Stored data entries
*** Begin section ***

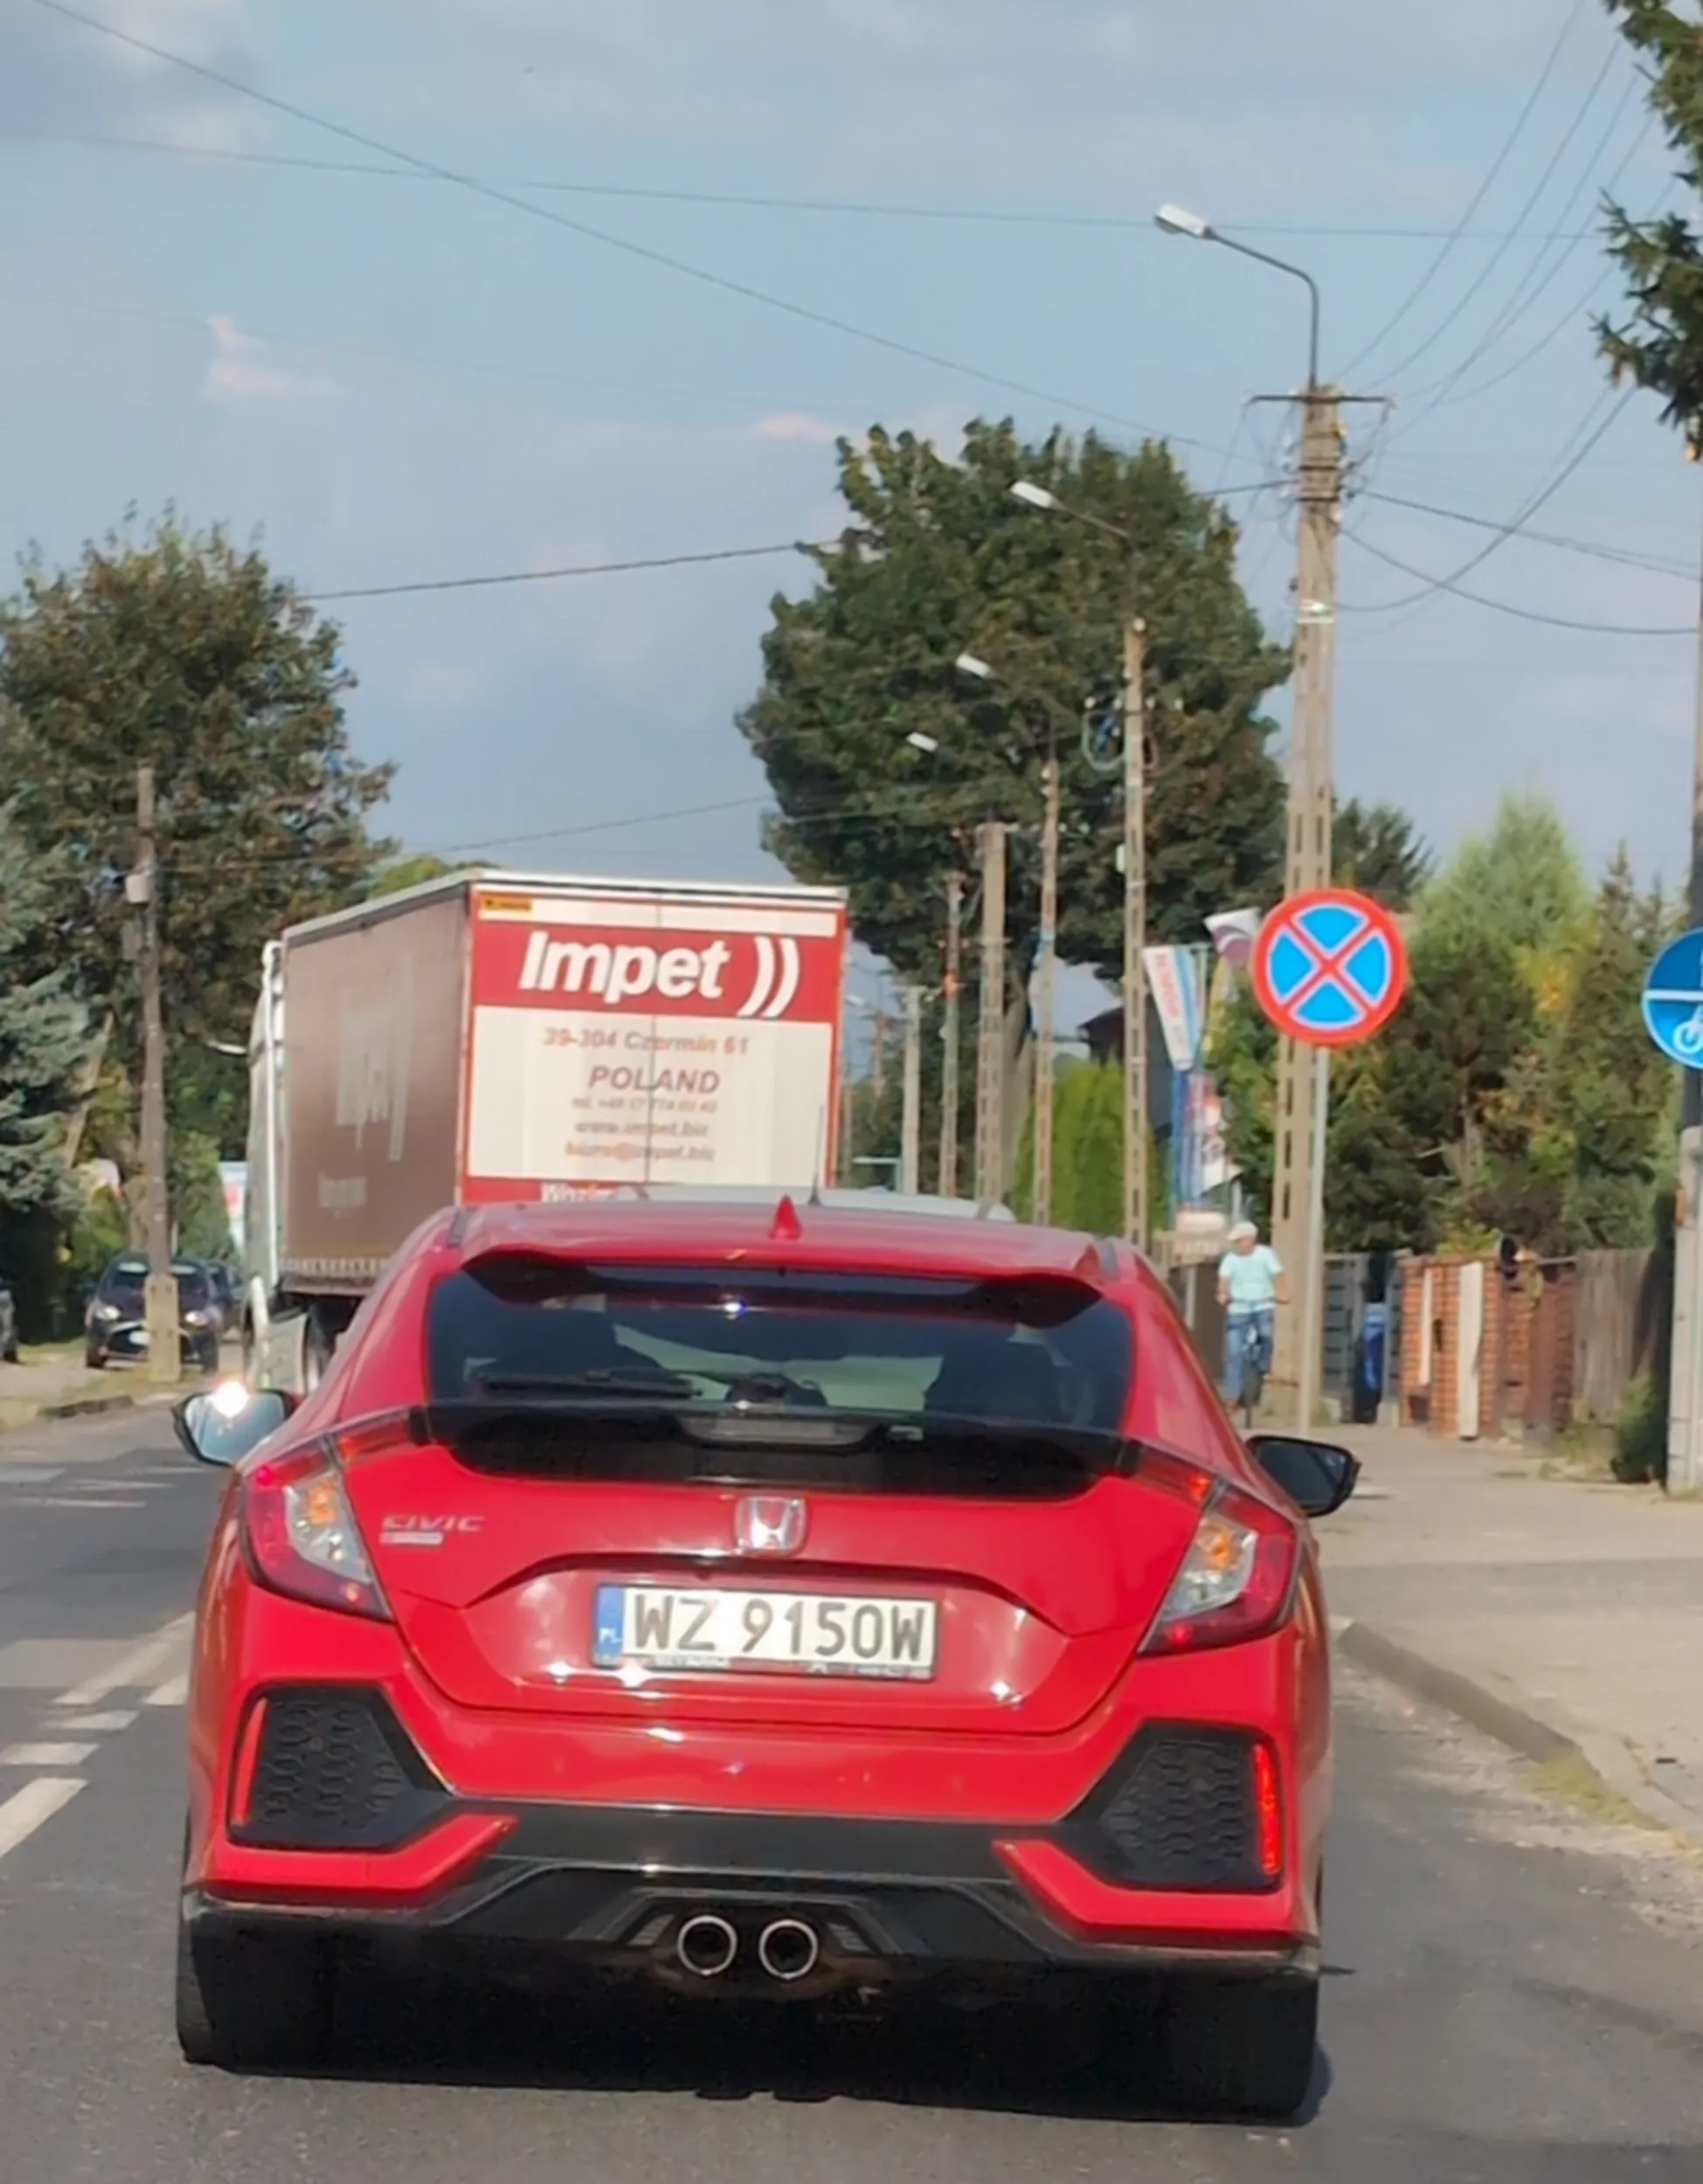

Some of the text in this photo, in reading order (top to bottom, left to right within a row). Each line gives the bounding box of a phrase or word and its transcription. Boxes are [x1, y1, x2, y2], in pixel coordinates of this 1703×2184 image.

[519, 931, 730, 1003] Impet
[543, 1027, 617, 1047] 39-304
[624, 1031, 717, 1053] Czermin
[589, 1065, 721, 1093] POLAND
[382, 1514, 486, 1532] CIVIC
[634, 1593, 926, 1662] WZ 9150W
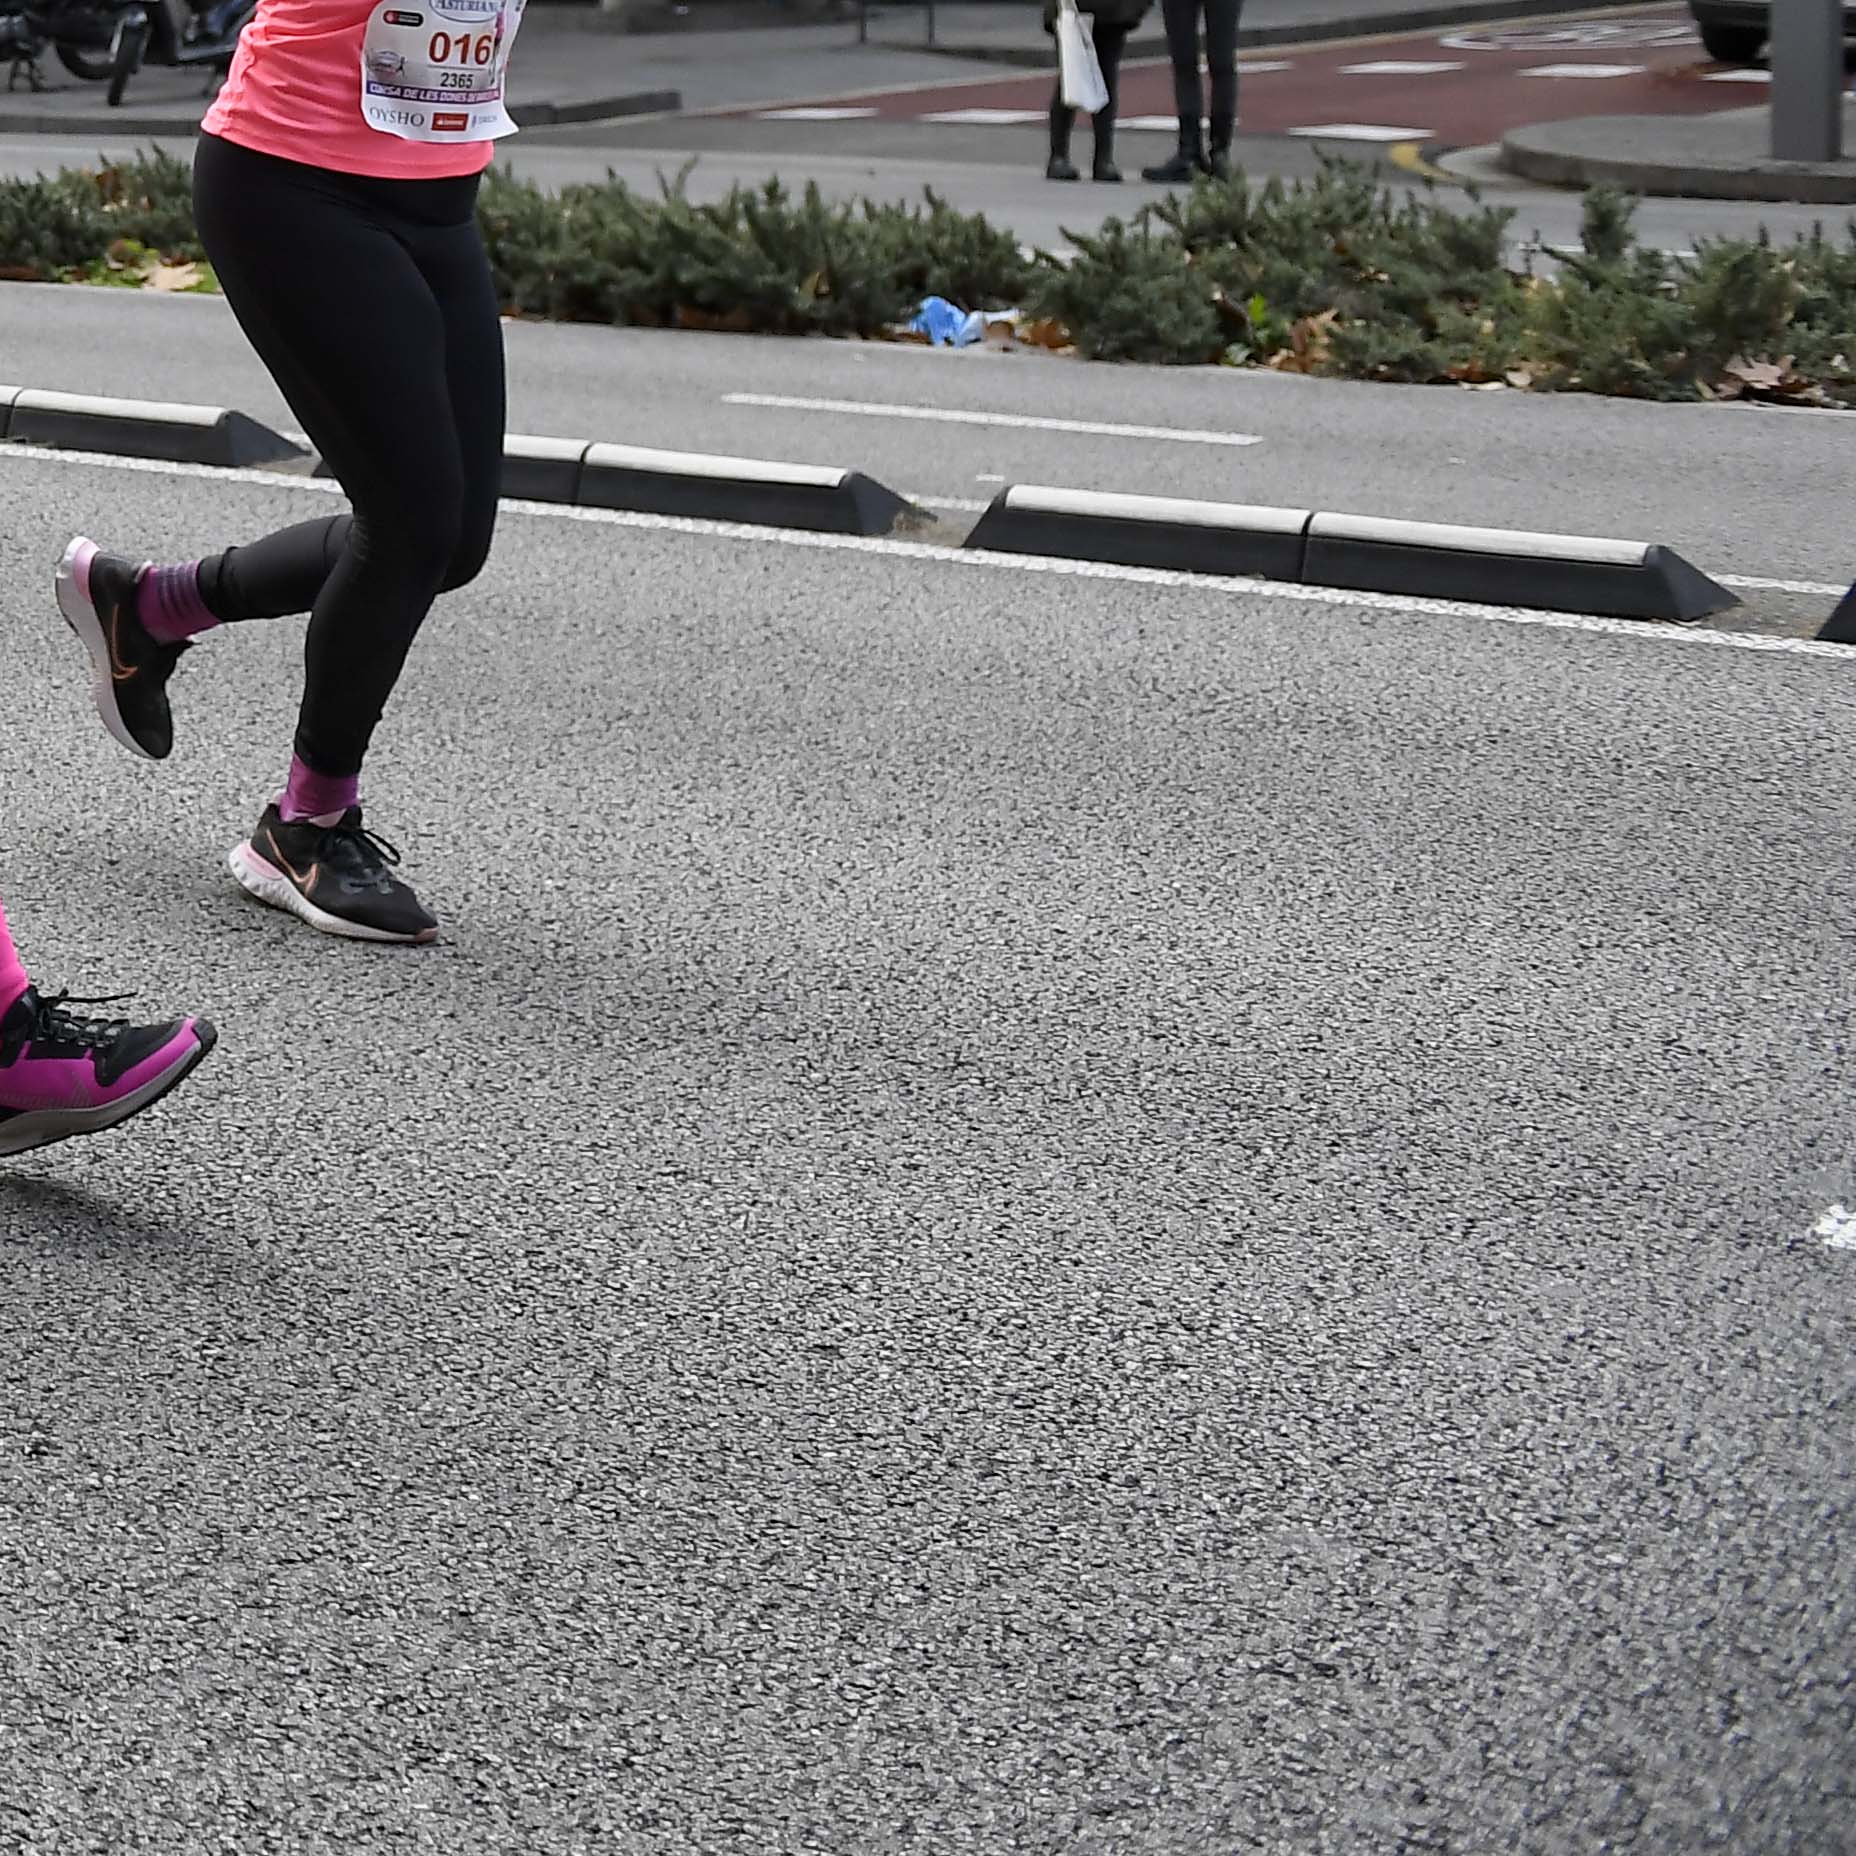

*** End section ***

→ PROBLEM DESCRIPTION
Please transcribe each entry exactly and exclude any image it contains.

→ ANSWER TO THE EXERCISE
Some of the text in this photo, in reading order (top to bottom, left to right within a row). Each line gives the bounding box of a phrase or word and its transcription. Boxes are [x1, y1, x2, y2], in pixel coordinates of this 1703×2184 image.

[519, 931, 730, 1003] Impet
[543, 1027, 617, 1047] 39-304
[624, 1031, 717, 1053] Czermin
[589, 1065, 721, 1093] POLAND
[382, 1514, 486, 1532] CIVIC
[634, 1593, 926, 1662] WZ 9150W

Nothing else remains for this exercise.